### [Work request]
Make an exact copy of all the records, one that contains none of the pictures.

### [Input material]
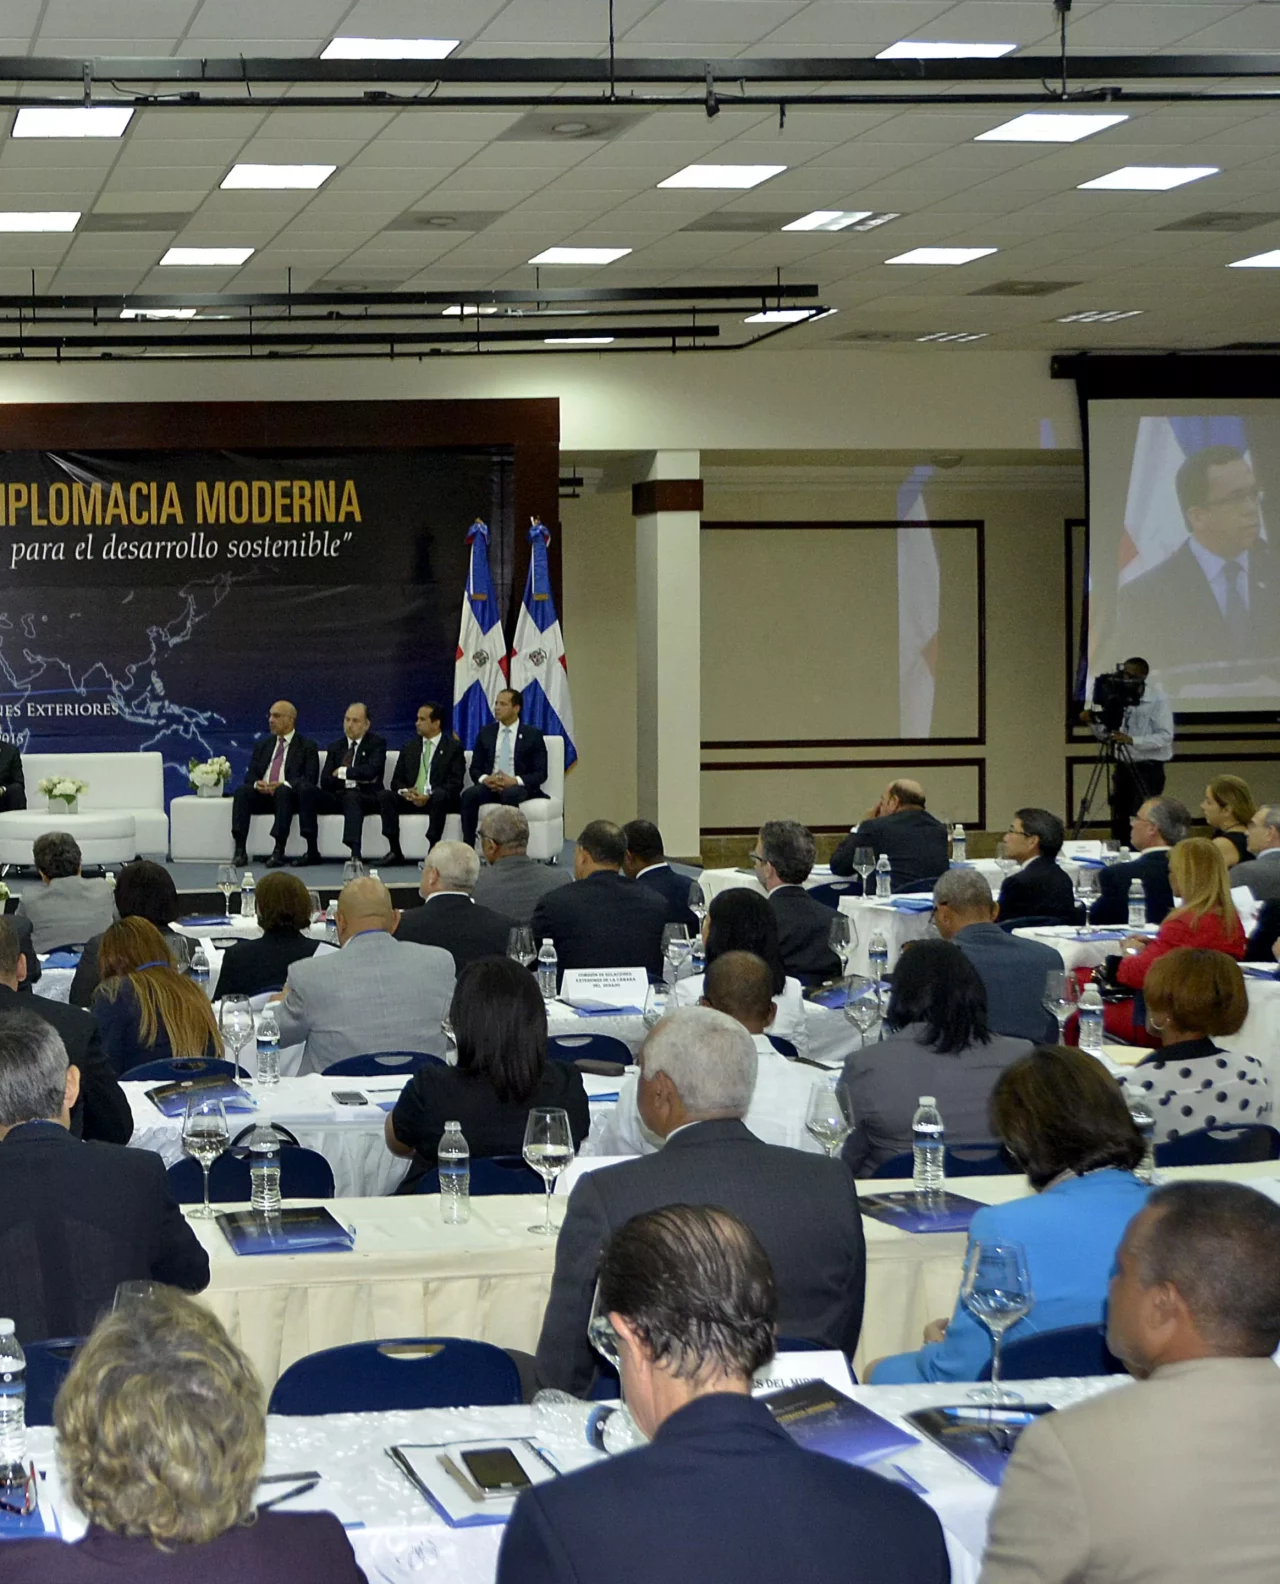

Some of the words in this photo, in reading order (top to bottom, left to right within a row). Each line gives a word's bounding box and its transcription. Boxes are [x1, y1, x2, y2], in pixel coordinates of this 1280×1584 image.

[196, 480, 362, 525] MODERNA
[9, 539, 65, 570] para
[74, 533, 94, 560] el
[102, 533, 219, 560] desarrollo
[27, 702, 119, 717] EXTERIORES
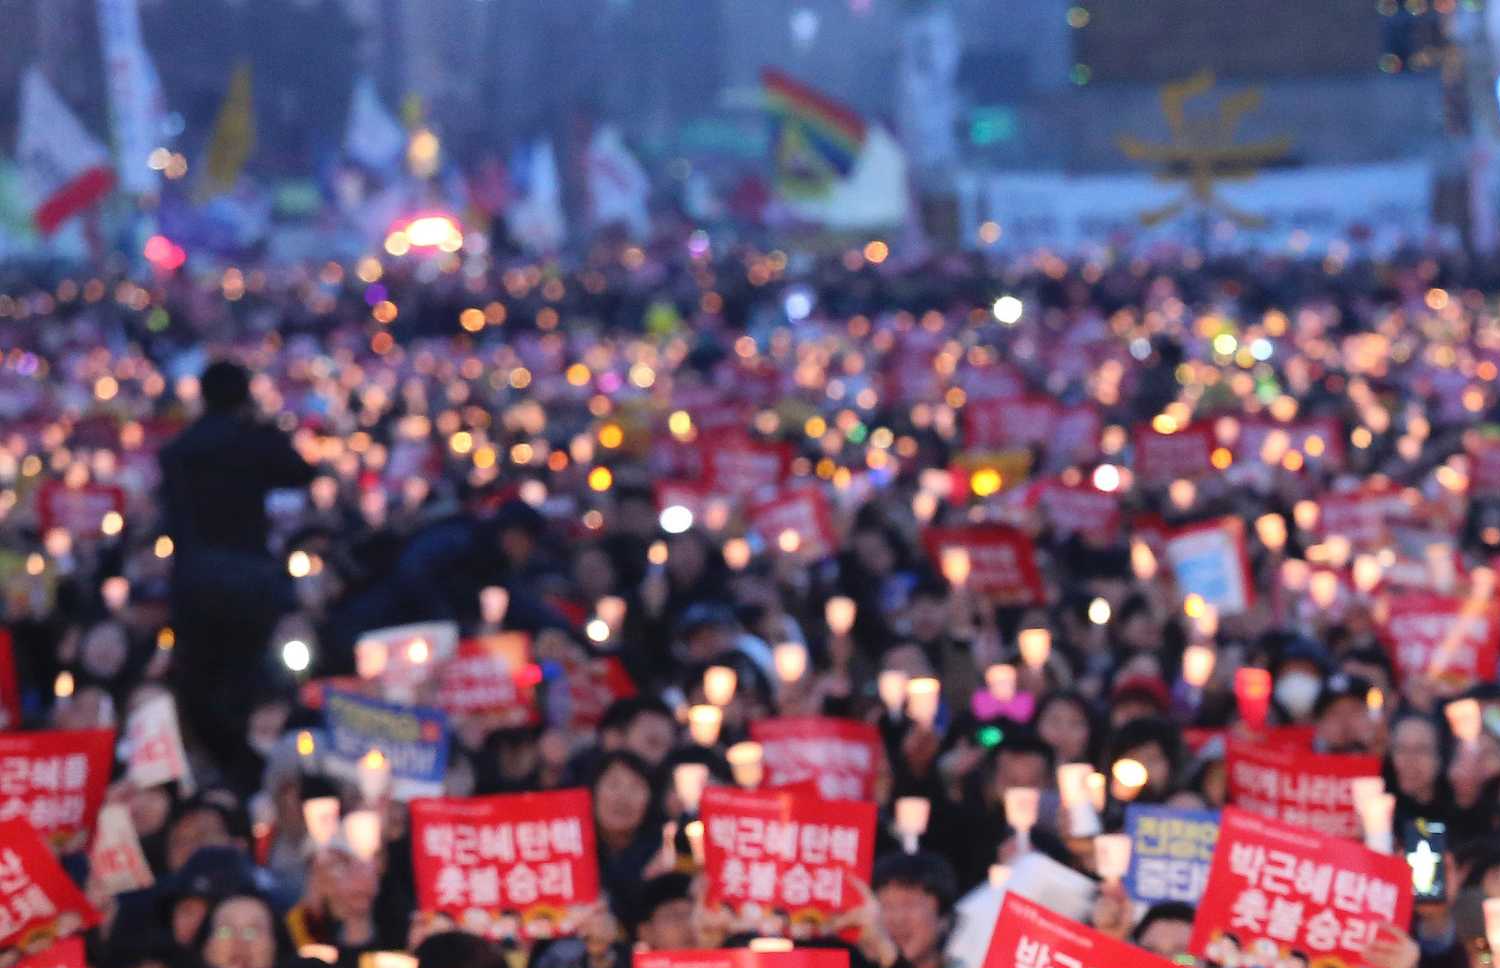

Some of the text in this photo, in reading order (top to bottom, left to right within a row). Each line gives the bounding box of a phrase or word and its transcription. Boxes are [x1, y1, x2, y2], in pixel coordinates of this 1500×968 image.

[1228, 840, 1400, 921] 박근혜 탄핵
[1230, 887, 1305, 943] 촛불
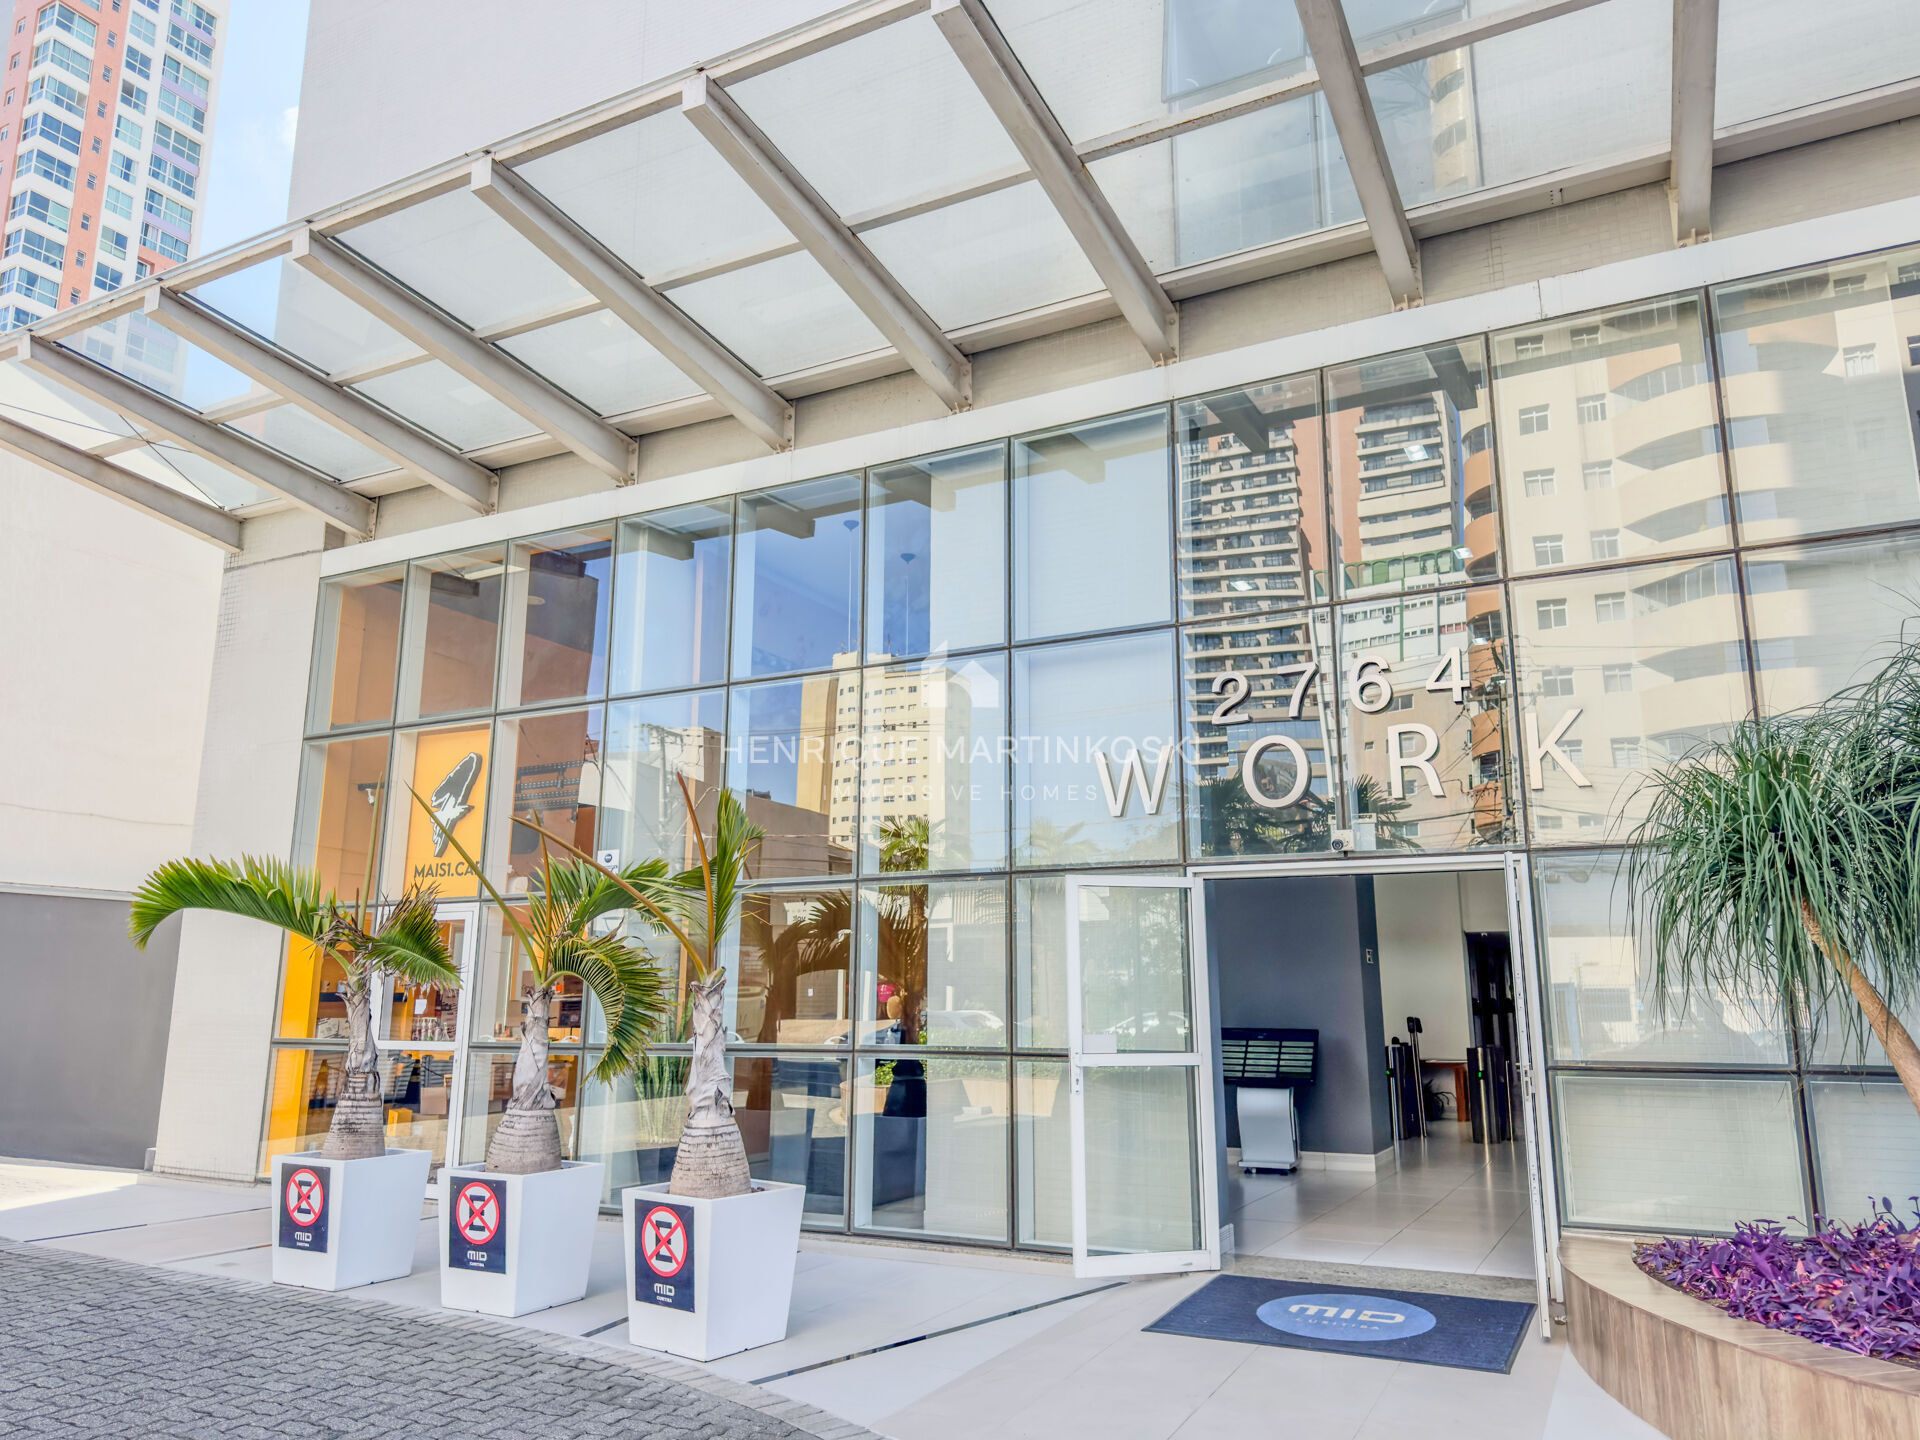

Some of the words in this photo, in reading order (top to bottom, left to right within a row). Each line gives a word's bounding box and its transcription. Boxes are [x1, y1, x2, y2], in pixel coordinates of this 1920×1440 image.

[1211, 647, 1472, 725] 2764
[1095, 708, 1592, 818] WORK
[294, 1231, 312, 1242] MID
[467, 1250, 487, 1262] MID
[653, 1282, 675, 1297] MID
[1288, 1304, 1406, 1324] MID

### [Result of the exercise]
Some of the words in this photo, in reading order (top to bottom, left to right within a row). Each line gives a word's bounding box and its transcription. Boxes are [x1, y1, x2, y2], in pixel coordinates of this 1280×1584 image.

[196, 480, 362, 525] MODERNA
[9, 539, 65, 570] para
[74, 533, 94, 560] el
[102, 533, 219, 560] desarrollo
[27, 702, 119, 717] EXTERIORES

Some of the text in this photo, in reading order (top to bottom, left to right within a row). Each line gives the bounding box of a phrase or word and its transcription. Boxes are [x1, y1, x2, y2], in pixel coordinates of this 1500×968 image.

[1228, 840, 1400, 921] 박근혜 탄핵
[1230, 887, 1305, 943] 촛불

Some of the words in this photo, in reading order (top to bottom, left to right within a row). Each line gives a word's bounding box and its transcription. Boxes are [x1, y1, x2, y2], in pixel coordinates of this 1920×1440 image.

[1211, 647, 1472, 725] 2764
[1095, 708, 1592, 818] WORK
[294, 1231, 312, 1242] MID
[467, 1250, 487, 1262] MID
[653, 1282, 675, 1297] MID
[1288, 1304, 1406, 1324] MID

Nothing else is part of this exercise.